In the case of Air Canada’s app, although the fields are masked, the masking didn’t always stick (Image: The App Analyst/supplied)
We asked The App Analyst to look at a sample of apps that Glassbox had listed on its website as customers. Using Charles Proxy, a man-in-the-middle tool used to intercept the data sent from the app, the researcher could examine what data was going out of the device.
Not every app was leaking masked data; none of the apps we examined said they were recording a user’s screen — let alone sending them back to each company or directly to Glassbox’s cloud.
That could be a problem if any one of Glassbox’s customers aren’t properly masking data, he said in an email. “Since this data is often sent back to Glassbox servers I wouldn’t be shocked if they have already had instances of them capturing sensitive banking information and passwords,” he said.
The App Analyst said that while Hollister and Abercrombie & Fitch sent their session replays to Glassbox, others like Expedia and Hotels.com opted to capture and send session replay data back to a server on their own domain. He said that the data was “mostly obfuscated,” but did see in some cases email addresses and postal codes. The researcher said Singapore Airlines also collected session replay data but sent it back to Glassbox’s cloud.

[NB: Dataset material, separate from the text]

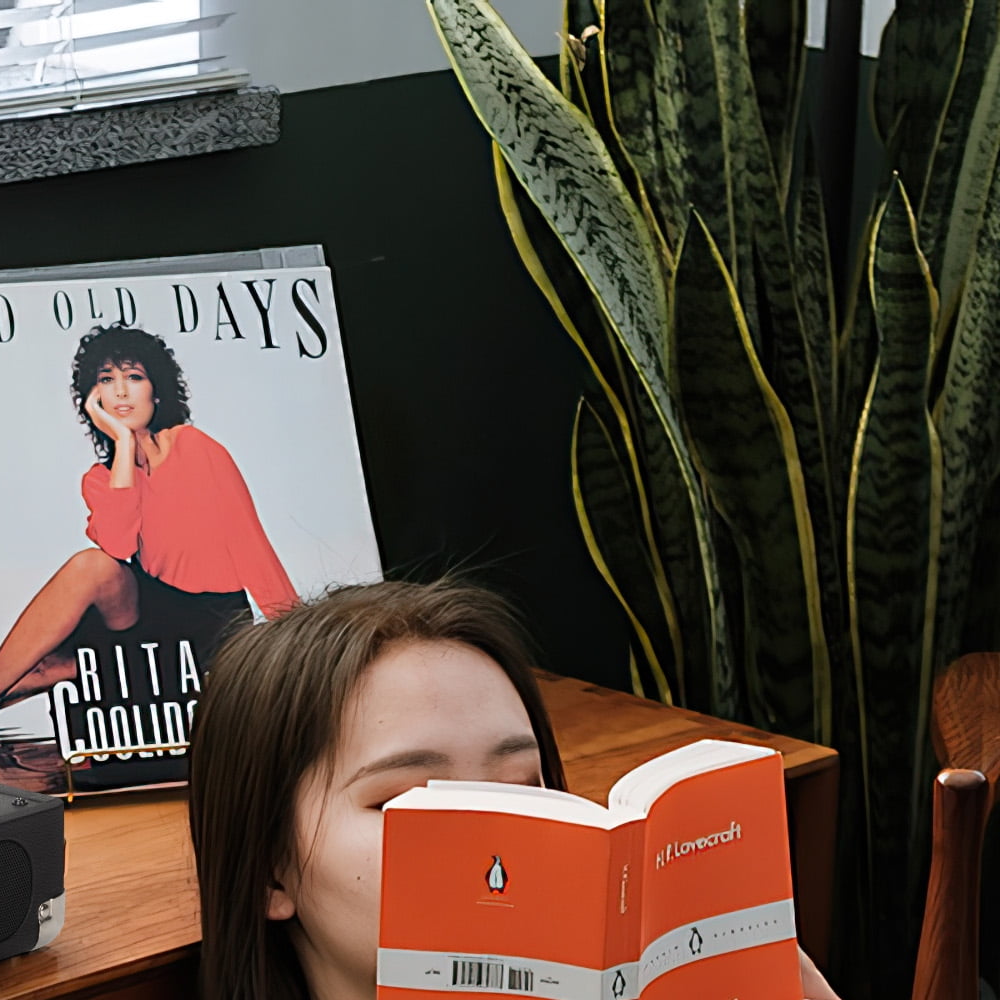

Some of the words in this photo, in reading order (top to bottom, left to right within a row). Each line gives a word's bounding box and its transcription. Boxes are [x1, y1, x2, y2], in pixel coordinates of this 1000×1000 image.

Without analyzing the data for each app, it’s impossible to know if an app is recording a user’s screens of how you’re using the app. We didn’t even find it in the small print of their privacy policies.
We asked all of the companies to point us to exactly where in its privacy policies it permits each app to capture what a user does on their phone.
“I think users should take an active role in how they share their data, and the first step to this is having companies be forthright in sharing how they collect their users data and who they share it with,” said The App Analyst.
“Glassbox has a unique capability to reconstruct the mobile application view in a visual format, which is another view of analytics, Glassbox SDK can interact with our customers native app only and technically cannot break the boundary of the app,” the spokesperson said, such as when the system keyboard covers part of the native app, “Glassbox does not have access to it,” the spokesperson said.
Glassbox is one of many session replay services on the market. Appsee actively markets its “user recording” technology that lets developers “see your app through your user’s eyes,” while UXCam says it lets developers “watch recordings of your users’ sessions, including all their gestures and triggered events.” Most went under the radar until Mixpanel sparked anger for mistakenly harvesting passwords after masking safeguards failed.
It’s not an industry that’s likely to go away any time soon — companies rely on this kind of session replay data to understand why things break, which can be costly in high-revenue situations.
But for the fact that the app developers don’t publicize it just goes to show how creepy even they know it is.